• _ACTIVITY_: Would you write out every record that follows exactly, with the pictures left out?

Saved entries
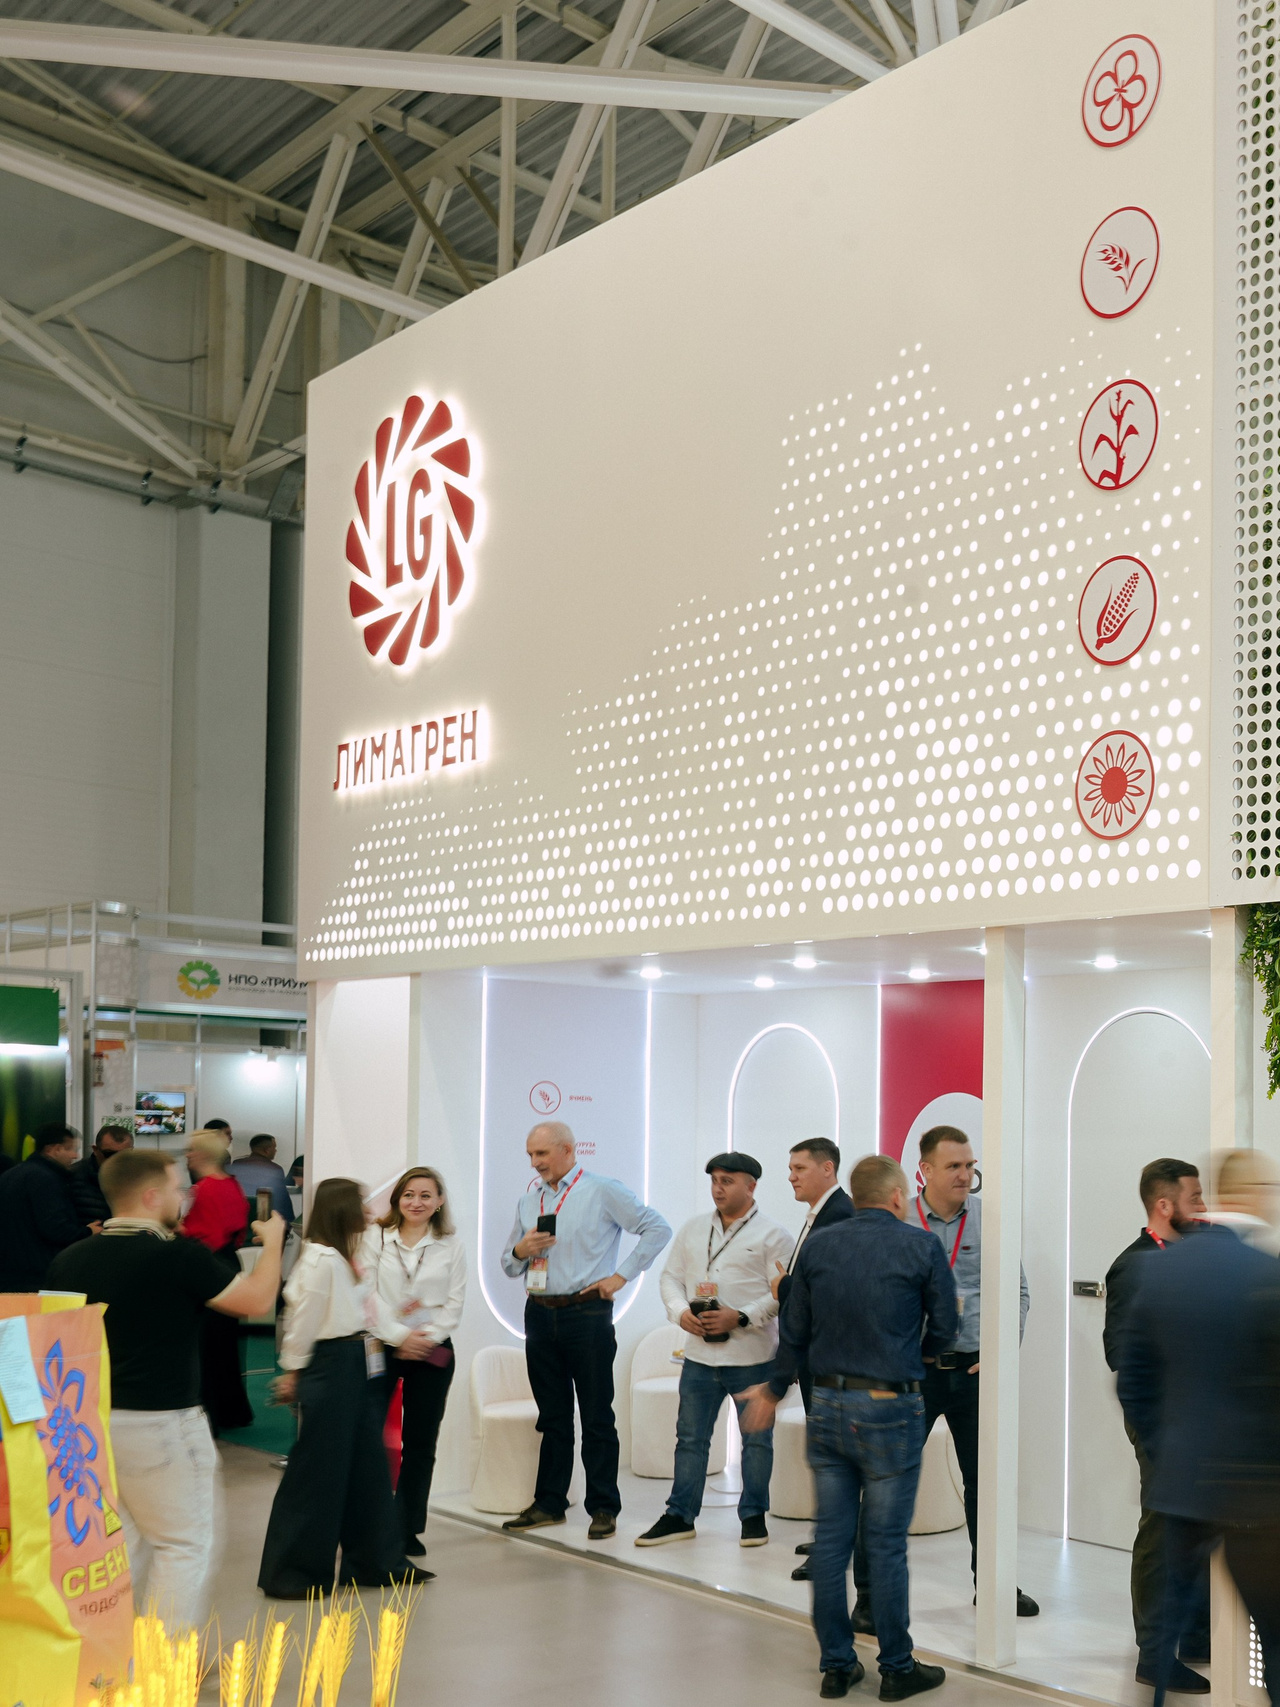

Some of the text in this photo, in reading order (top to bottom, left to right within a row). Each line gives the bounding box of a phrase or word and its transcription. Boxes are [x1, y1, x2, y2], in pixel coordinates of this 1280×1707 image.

[386, 467, 434, 588] LG
[333, 709, 479, 791] ЛИМАГРЕН
[228, 973, 258, 986] НПО
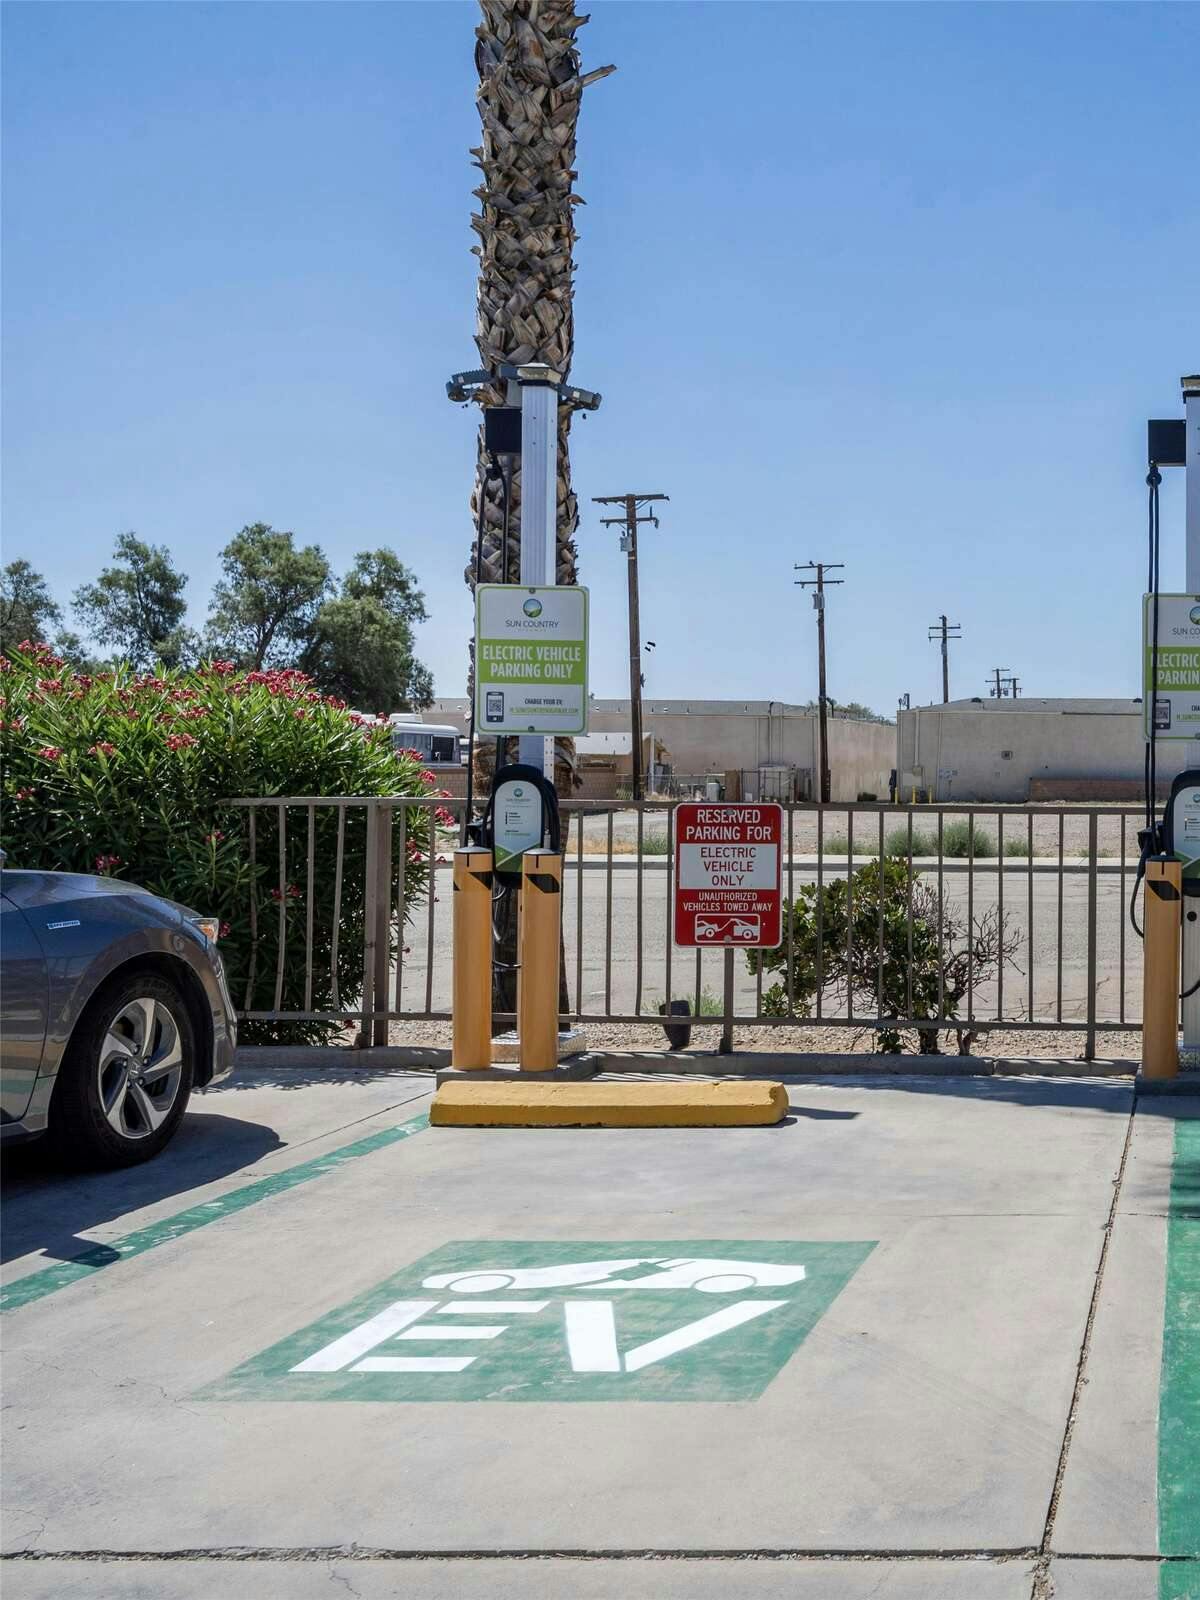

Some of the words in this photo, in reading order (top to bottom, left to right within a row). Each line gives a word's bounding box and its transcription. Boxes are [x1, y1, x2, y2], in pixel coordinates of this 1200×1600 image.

• _OUTPUT OF THE EXERCISE_:
Some of the text in this photo, in reading order (top to bottom, left to right within a row). Each line gives the bounding box of a phrase or word and its transcription. Boxes are [x1, y1, x2, y2], in pixel coordinates of this 1280×1707 image.

[386, 467, 434, 588] LG
[333, 709, 479, 791] ЛИМАГРЕН
[228, 973, 258, 986] НПО

Some of the words in this photo, in reading order (top to bottom, left to right within a row). Each line gives a word's bounding box and its transcription. Boxes are [x1, y1, x2, y2], in pixel coordinates of this 1200×1600 image.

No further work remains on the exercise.